A disputa sobre a autenticidade de um vídeo deixou de ser exceção e passou a integrar o cotidiano do foro. Gravações de câmeras urbanas, provas em ações cíveis, depoimentos e materiais de investigação chegam ao processo já reprocessados por aplicativos, redes sociais e editores. A pergunta que o operador do Direito precisa responder é objetiva: este arquivo preserva sua matriz original, ou foi editado após a captação?

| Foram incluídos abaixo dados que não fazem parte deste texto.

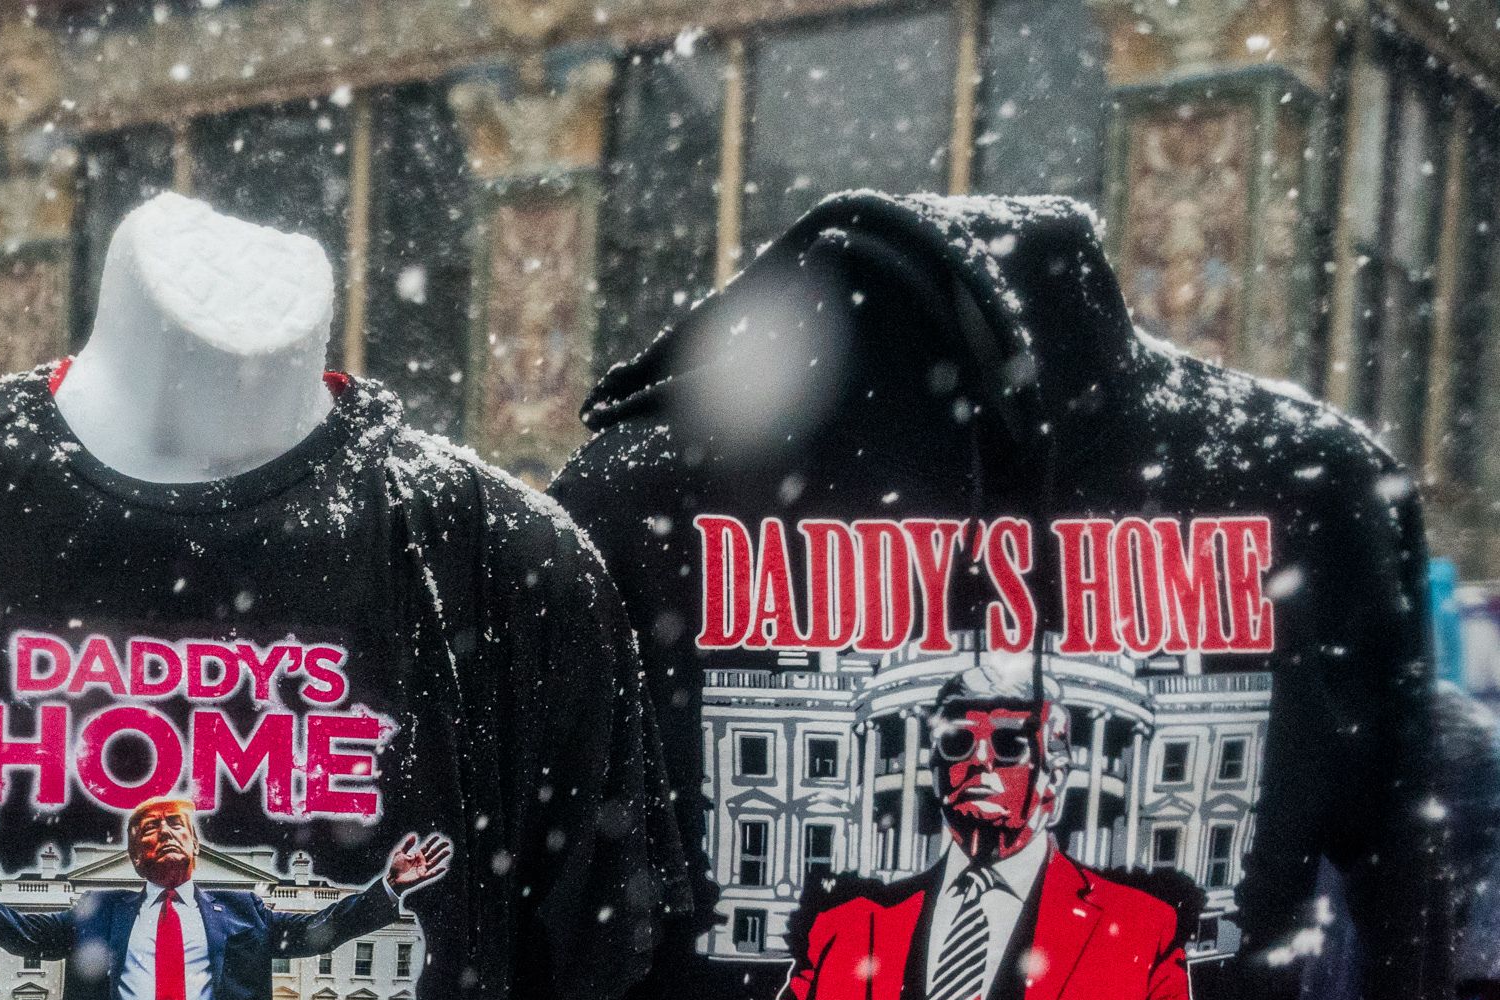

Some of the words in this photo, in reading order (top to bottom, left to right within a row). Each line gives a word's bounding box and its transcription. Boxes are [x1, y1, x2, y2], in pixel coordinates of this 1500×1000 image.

O ChronosVision, módulo de Auditoria Forense de Vídeo da Byten, foi construído para apoiar essa resposta com método, transparência e rastreabilidade. Não substitui o perito: instrumenta o exame, reduz a subjetividade da avaliação a olho nu e documenta cada achado de forma reproduzível, em conformidade com as diretrizes ISO/IEC 27037 e 27042 e com o art. 158 do Código de Processo Penal.
1. Processamento local (zero-upload)
Toda a análise ocorre dentro do navegador do próprio examinador, em ambiente isolado (WebAssembly/WebWorker). A mídia não é enviada para servidores externos, o que preserva o sigilo da evidência e a cadeia de custódia desde o primeiro contato.
2. Leitura da estrutura interna (ISOBMFF)
O motor percorre a árvore de átomos do arquivo MP4/QuickTime e identifica vestígios de edição local ou de recodificação por terceiros, incluindo a distinção entre uma captura nativa de câmera e um arquivo reconstruído por download da web (FastStart), sem gerar falso positivo em gravações legítimas de smartphone.
3. Impressão da ferramenta de origem (DFTF)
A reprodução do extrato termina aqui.